→ What is required:
Please return the data word for word and leave out any picture it contains.

Records from a data collection
▬▬▬▬▬▬

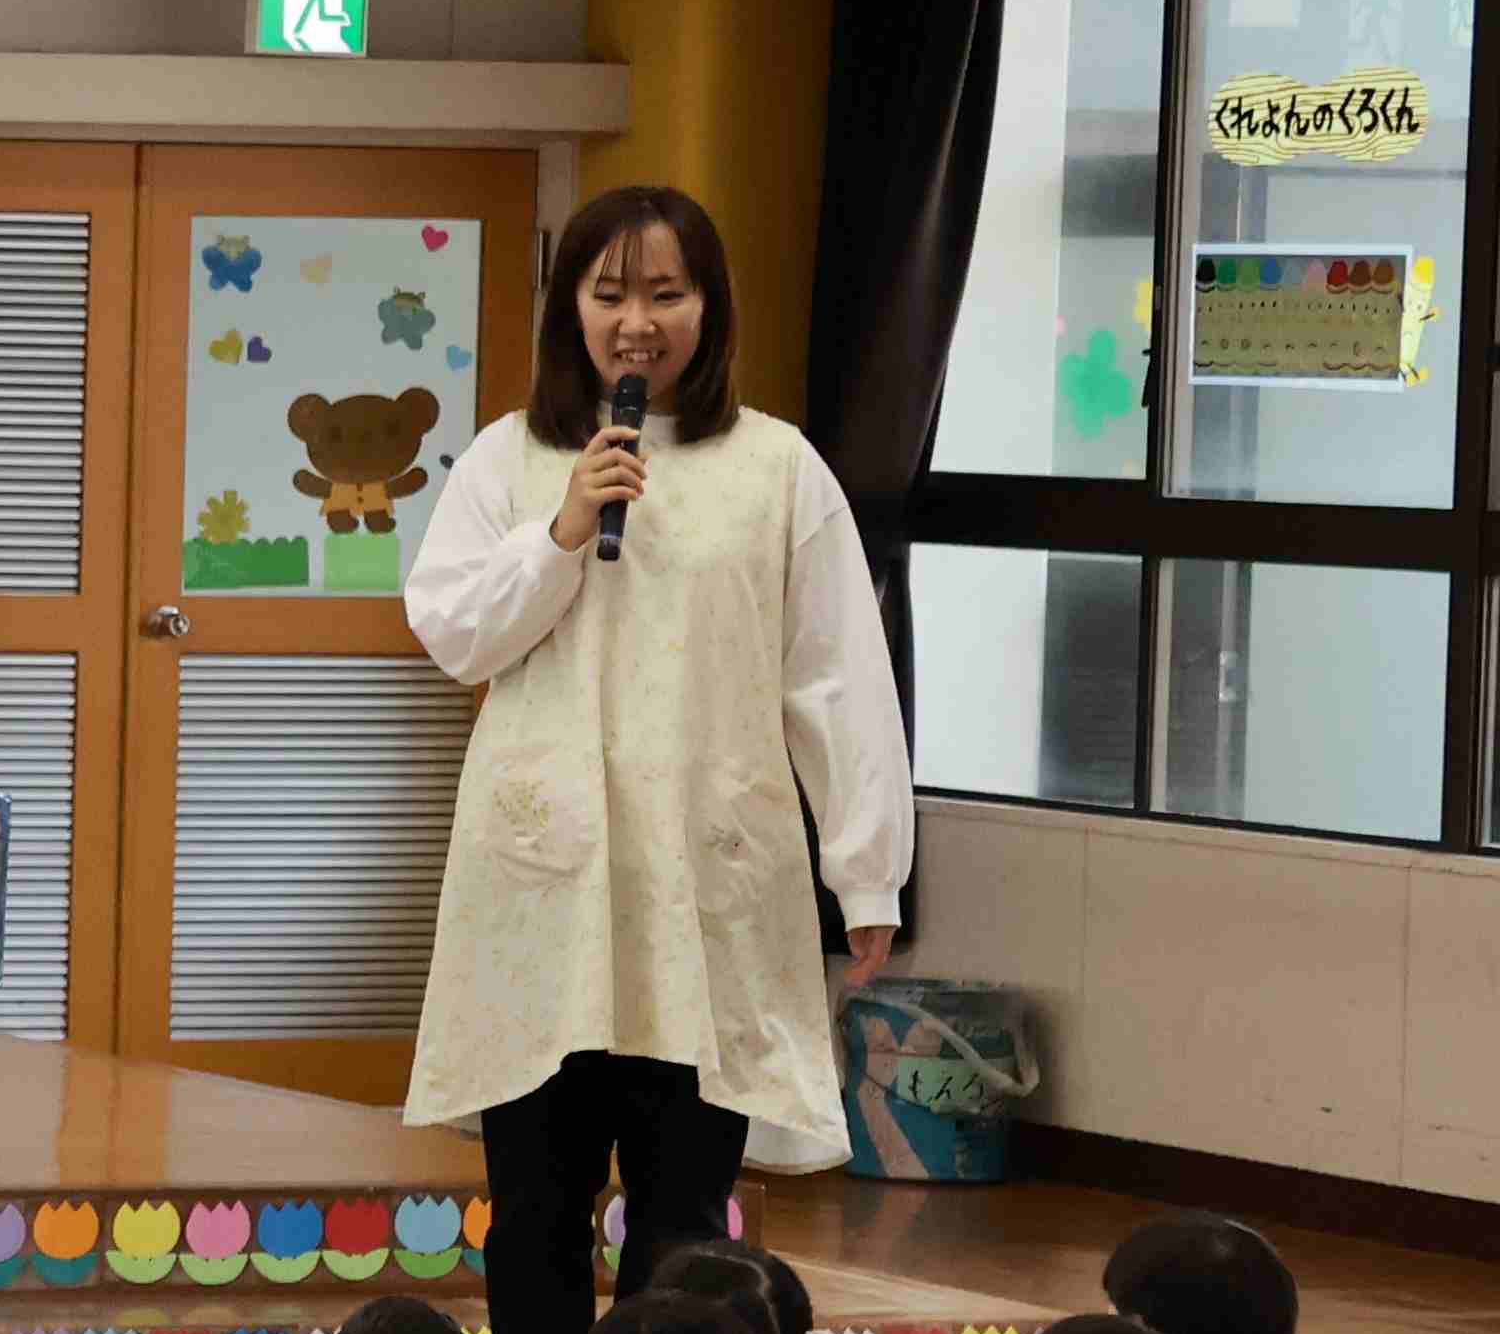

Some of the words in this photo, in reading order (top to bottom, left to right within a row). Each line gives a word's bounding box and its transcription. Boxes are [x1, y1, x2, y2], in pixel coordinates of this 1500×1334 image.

[1215, 87, 1420, 140] くれよんのくろくん
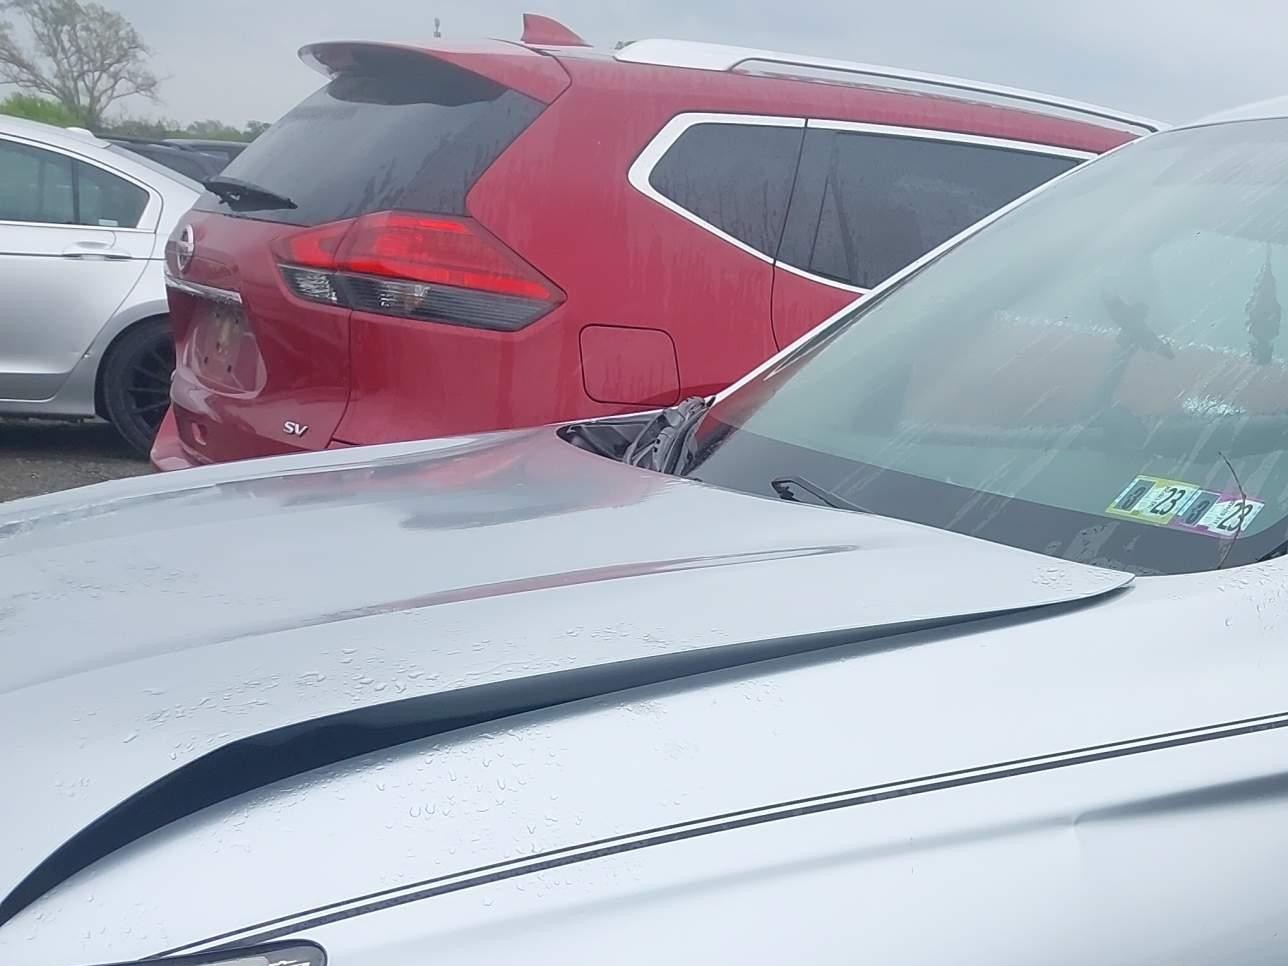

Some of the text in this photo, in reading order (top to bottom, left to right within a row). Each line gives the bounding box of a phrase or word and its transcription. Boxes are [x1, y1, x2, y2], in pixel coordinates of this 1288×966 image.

[283, 421, 308, 436] SV
[1150, 487, 1186, 515] 23
[1216, 502, 1253, 531] 23

▬▬▬▬▬▬

→ Response area:
Some of the words in this photo, in reading order (top to bottom, left to right within a row). Each line gives a word's bounding box and its transcription. Boxes are [x1, y1, x2, y2], in pixel coordinates of this 1500×1334 image.

[1215, 87, 1420, 140] くれよんのくろくん

Some of the text in this photo, in reading order (top to bottom, left to right within a row). Each line gives the bounding box of a phrase or word and its transcription. Boxes are [x1, y1, x2, y2], in pixel coordinates of this 1288×966 image.

[283, 421, 308, 436] SV
[1150, 487, 1186, 515] 23
[1216, 502, 1253, 531] 23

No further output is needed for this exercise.